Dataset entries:
__________

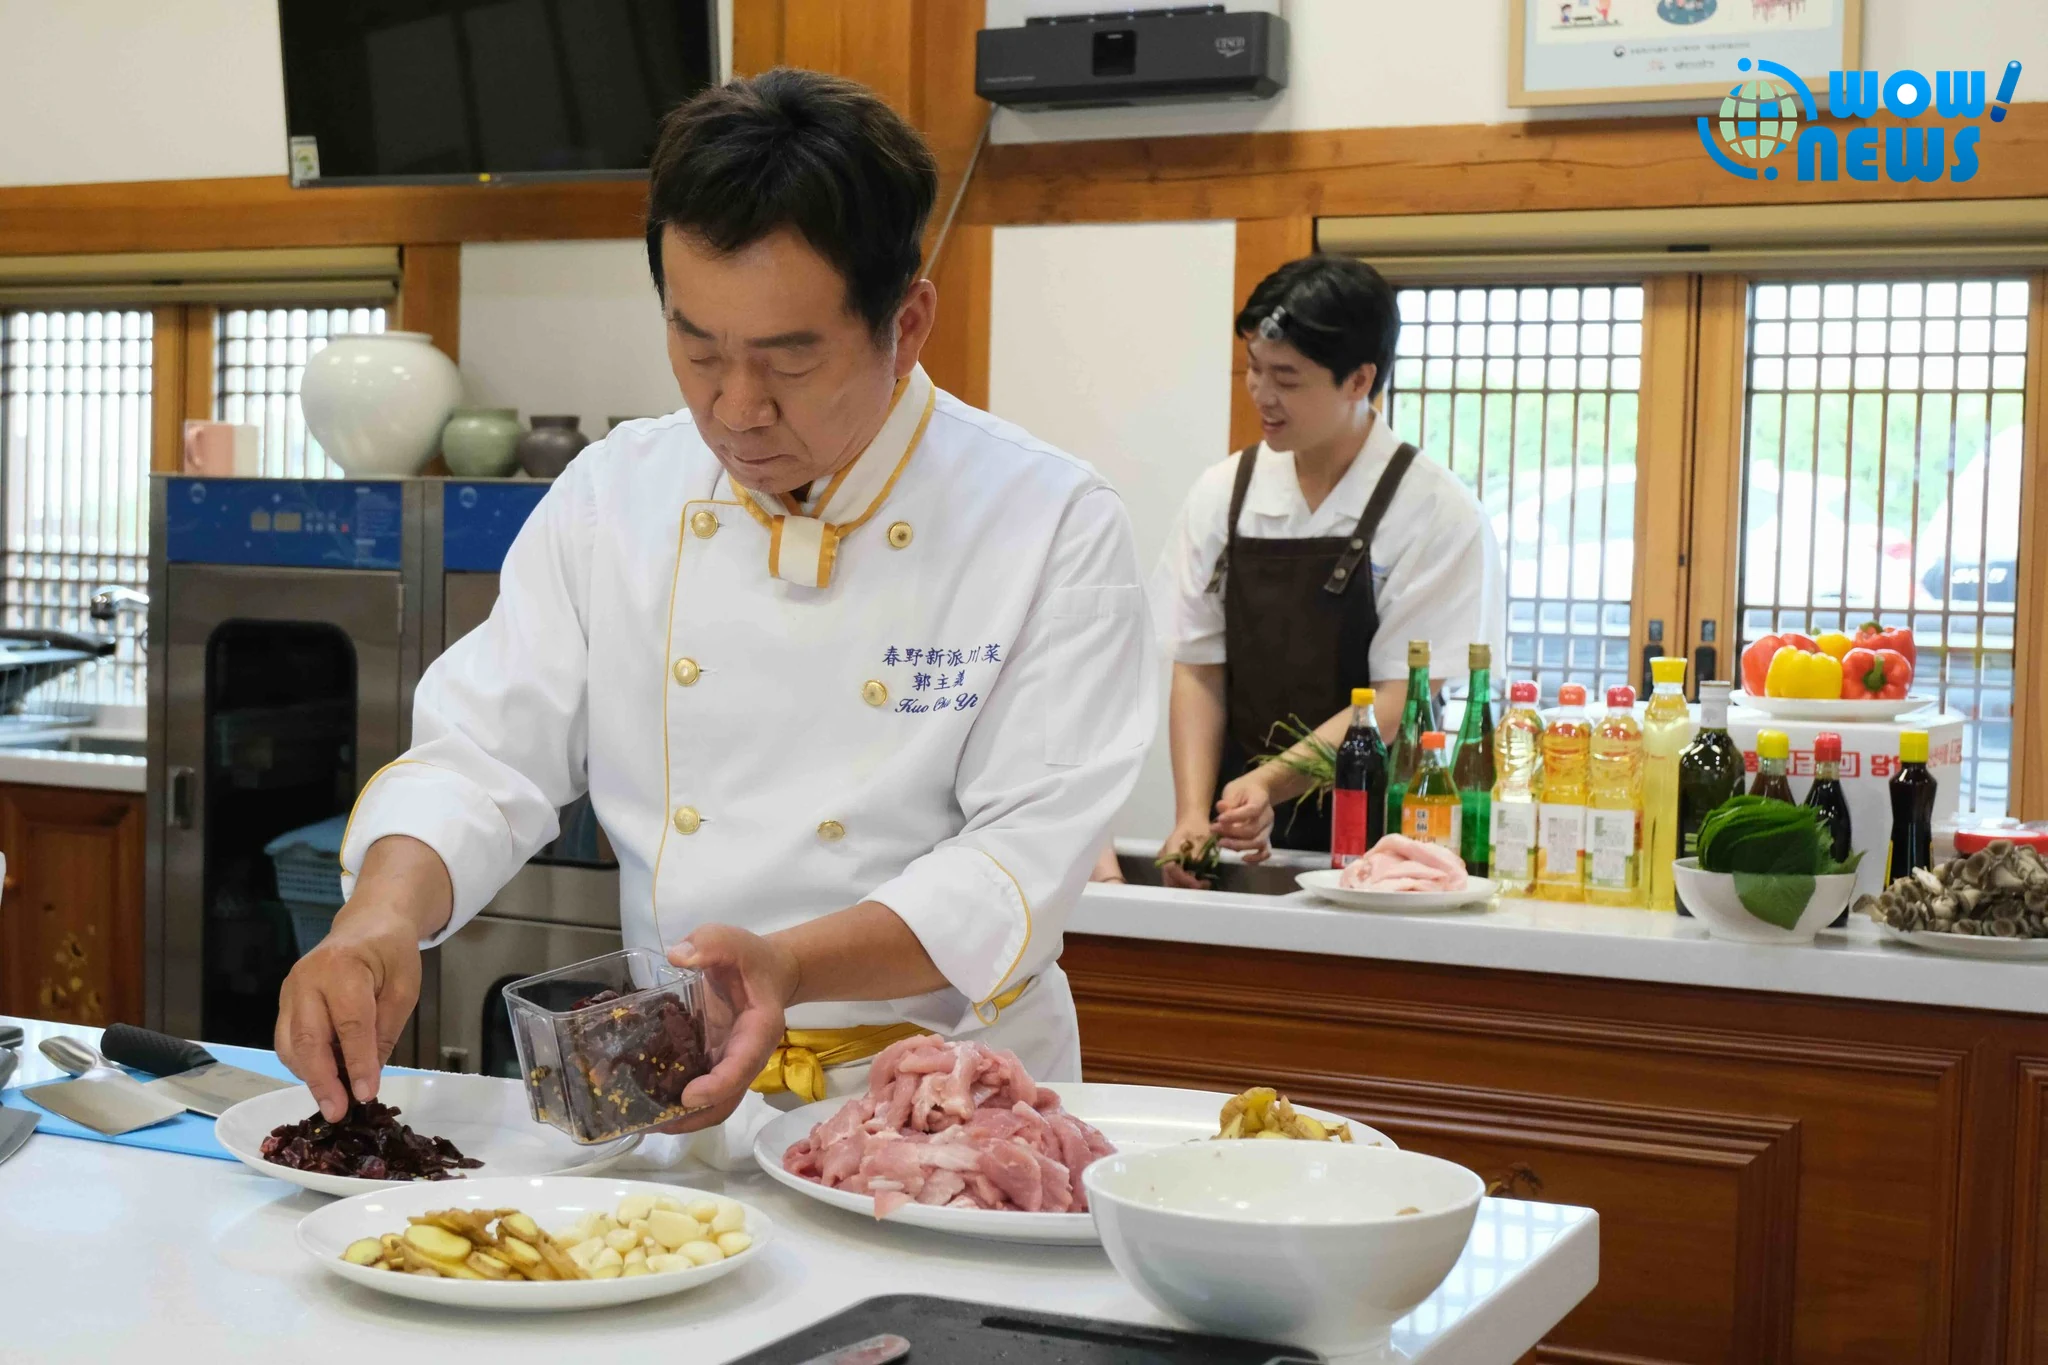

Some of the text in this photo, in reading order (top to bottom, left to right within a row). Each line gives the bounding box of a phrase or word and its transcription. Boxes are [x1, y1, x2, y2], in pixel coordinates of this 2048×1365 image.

[882, 643, 1002, 668] 春野新派川菜
[894, 698, 929, 714] Kuo
[954, 692, 979, 712] Yi
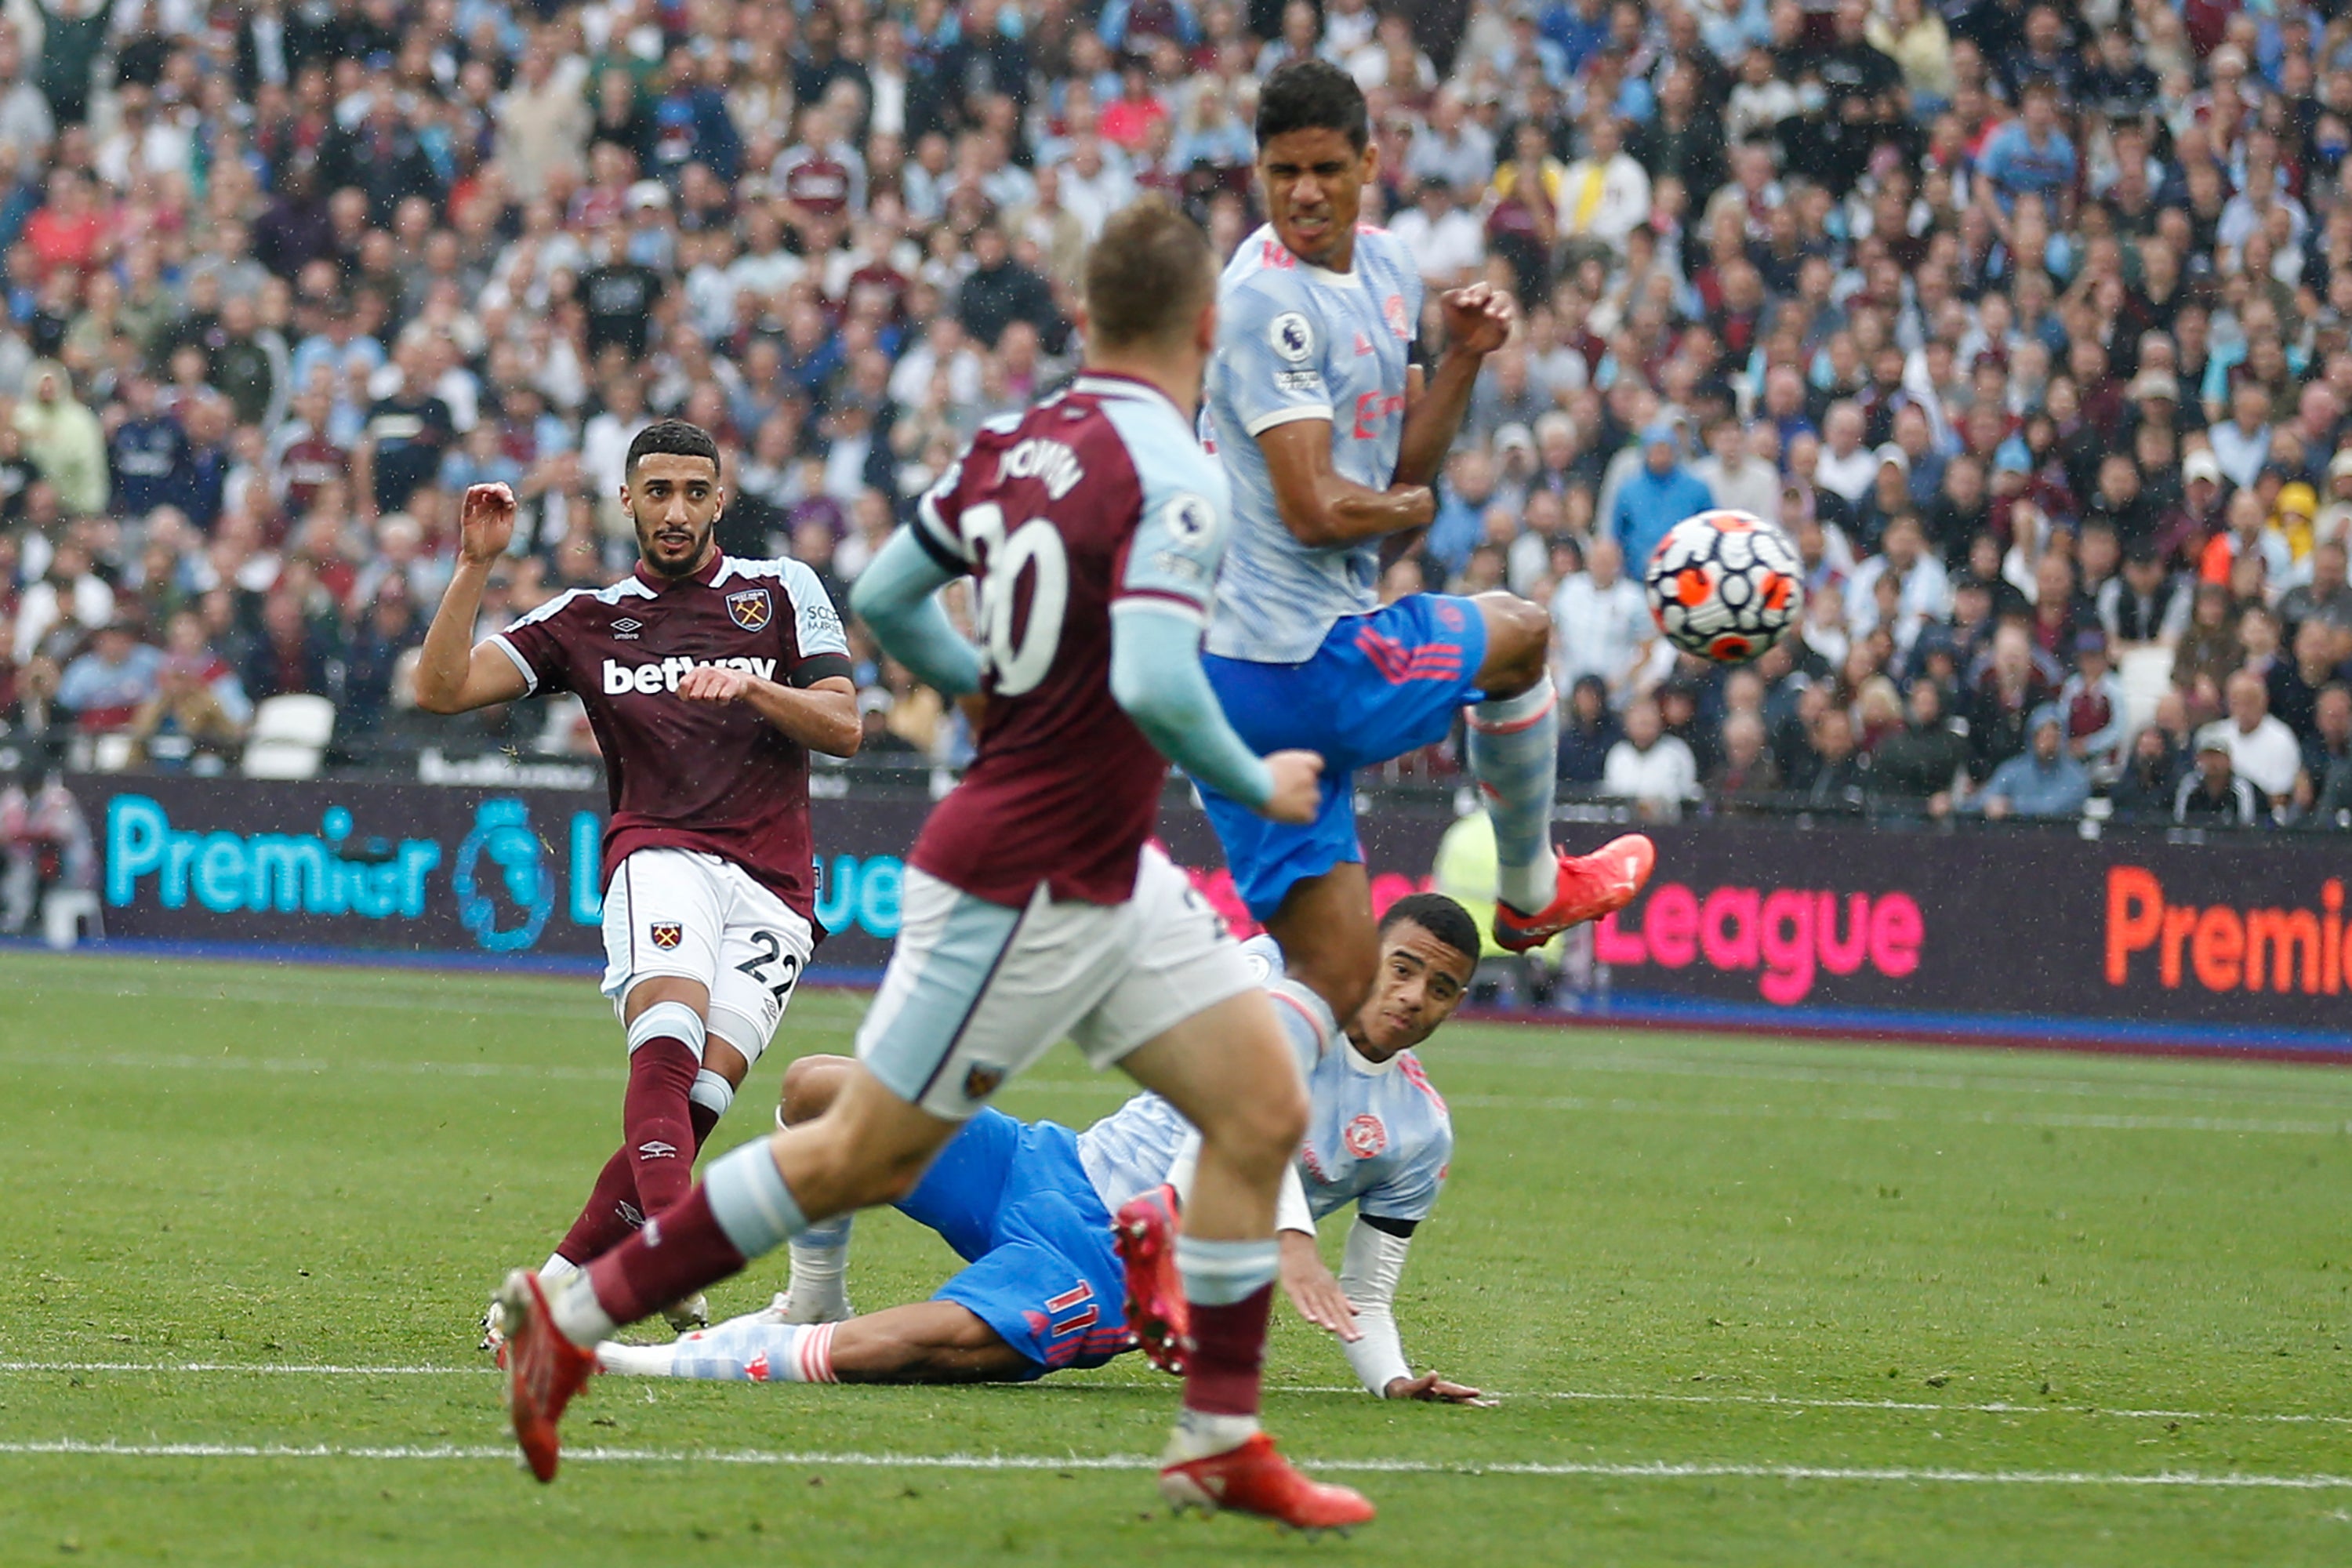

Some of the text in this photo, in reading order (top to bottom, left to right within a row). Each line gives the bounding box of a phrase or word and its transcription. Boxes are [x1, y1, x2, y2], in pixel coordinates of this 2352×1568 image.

[734, 930, 797, 1011] 22
[1593, 881, 1926, 1007] League
[2104, 865, 2352, 996] Premi
[1044, 1278, 1099, 1338] 11

__________

(WORK ITEM): Transcribe all entries above exactly. Omit the pictures.

(EXERCISE RESULT):
Some of the text in this photo, in reading order (top to bottom, left to right within a row). Each line gives the bounding box of a phrase or word and its transcription. Boxes are [x1, y1, x2, y2], in pixel coordinates of this 2048×1365 image.

[882, 643, 1002, 668] 春野新派川菜
[894, 698, 929, 714] Kuo
[954, 692, 979, 712] Yi

Some of the text in this photo, in reading order (top to bottom, left to right within a row). Each line gives the bounding box of a phrase or word and its transcription. Boxes are [x1, y1, x2, y2], in pixel coordinates of this 2352×1568 image.

[734, 930, 797, 1011] 22
[1593, 881, 1926, 1007] League
[2104, 865, 2352, 996] Premi
[1044, 1278, 1099, 1338] 11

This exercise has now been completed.